[TASK DIRECTIONS]: Could you restate the data word for word and drop the pictures?

*** RECORDS TO USE ***

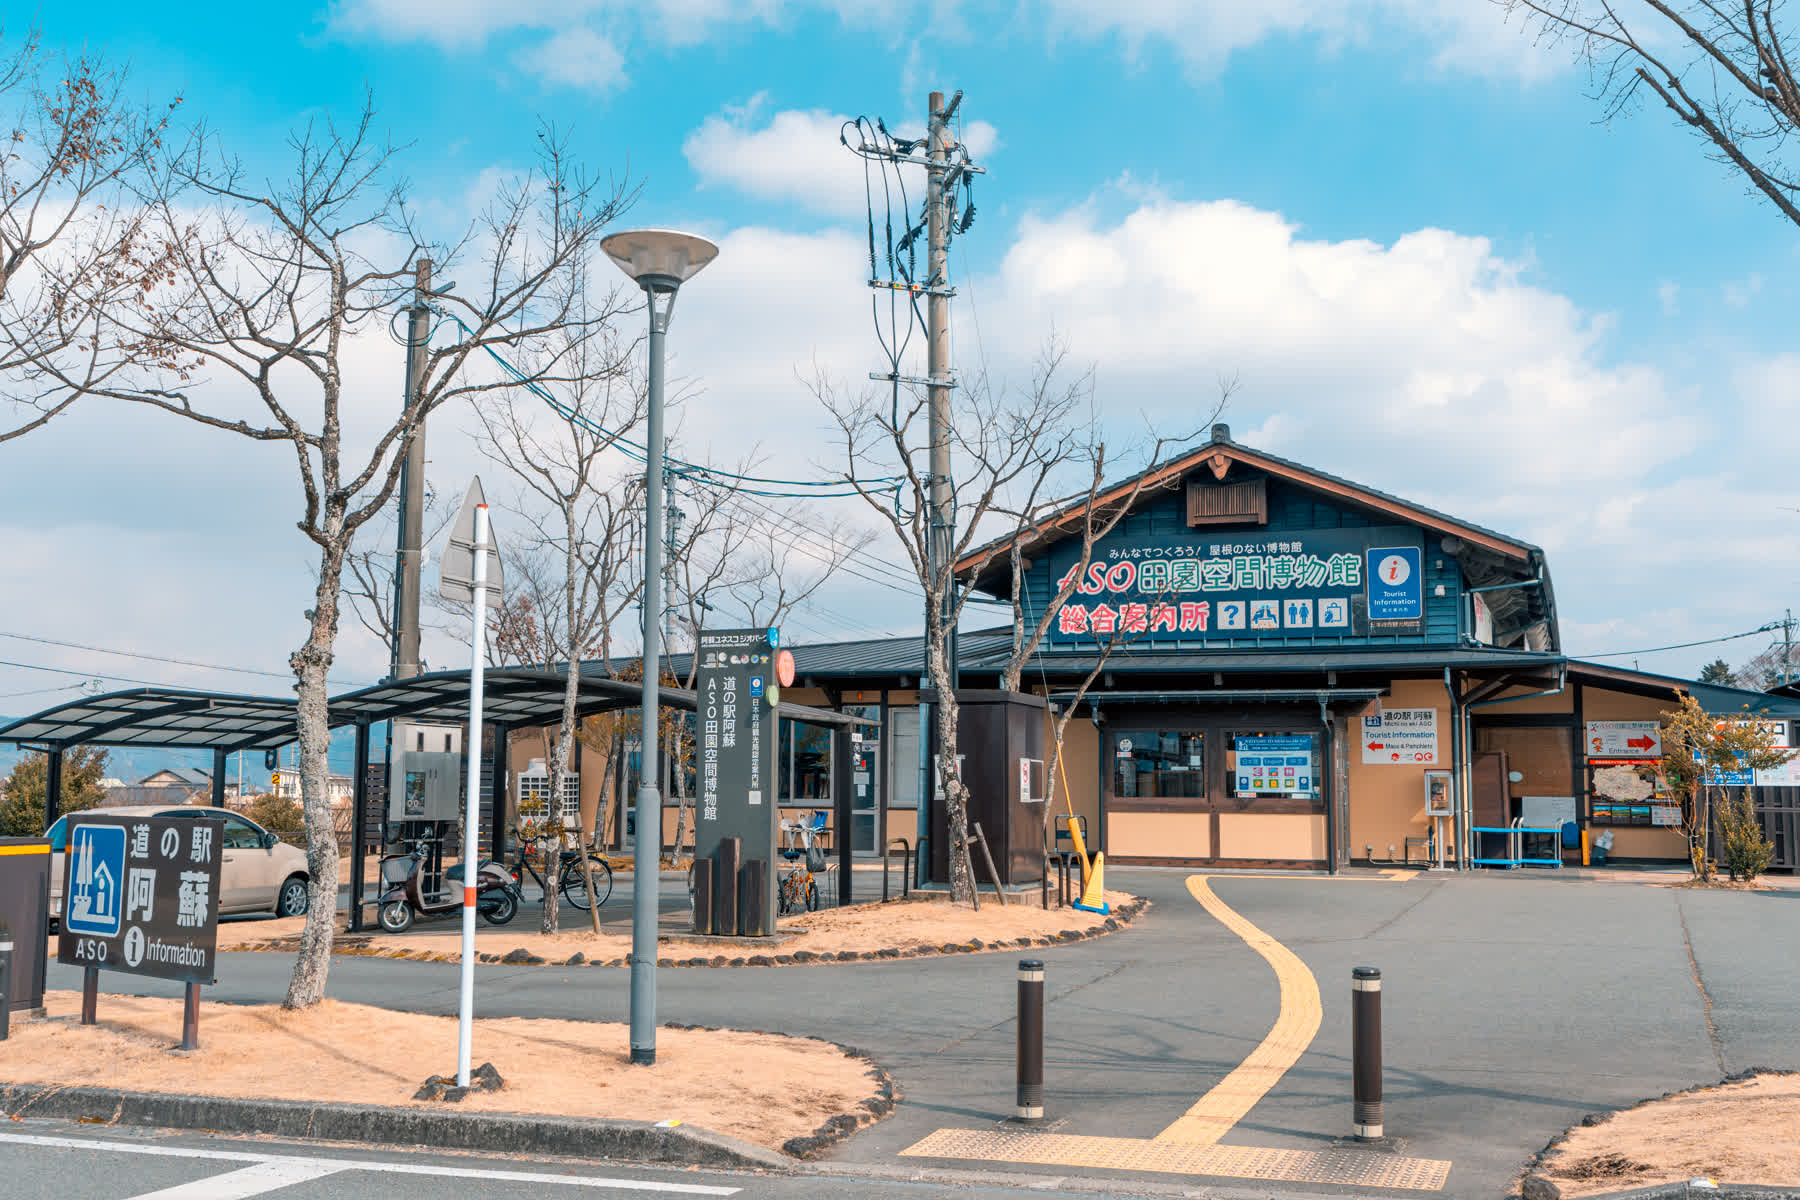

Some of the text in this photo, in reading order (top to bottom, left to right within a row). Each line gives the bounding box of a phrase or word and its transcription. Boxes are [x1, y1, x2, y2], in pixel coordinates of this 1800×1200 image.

[1209, 541, 1303, 556] 屋根のない博物館
[1057, 554, 1361, 594] ASO田園空間博物館
[1058, 601, 1210, 634] 総合案内所
[722, 676, 736, 748] 道の駅阿蘇
[1384, 711, 1432, 720] 道の駅 阿蘇
[704, 677, 718, 820] ASO田園空間博物館
[1365, 731, 1435, 739] Tourist Information
[272, 774, 280, 784] 2
[130, 823, 213, 864] 道の駅
[126, 868, 210, 928] 阿蘇
[75, 938, 108, 962] ASO
[147, 937, 206, 967] Information

*** End of RECORDS TO USE ***

[ANSWER]:
Some of the text in this photo, in reading order (top to bottom, left to right within a row). Each line gives the bounding box of a phrase or word and its transcription. Boxes are [x1, y1, x2, y2], in pixel coordinates of this 1800×1200 image.

[1209, 541, 1303, 556] 屋根のない博物館
[1057, 554, 1361, 594] ASO田園空間博物館
[1058, 601, 1210, 634] 総合案内所
[722, 676, 736, 748] 道の駅阿蘇
[1384, 711, 1432, 720] 道の駅 阿蘇
[704, 677, 718, 820] ASO田園空間博物館
[1365, 731, 1435, 739] Tourist Information
[272, 774, 280, 784] 2
[130, 823, 213, 864] 道の駅
[126, 868, 210, 928] 阿蘇
[75, 938, 108, 962] ASO
[147, 937, 206, 967] Information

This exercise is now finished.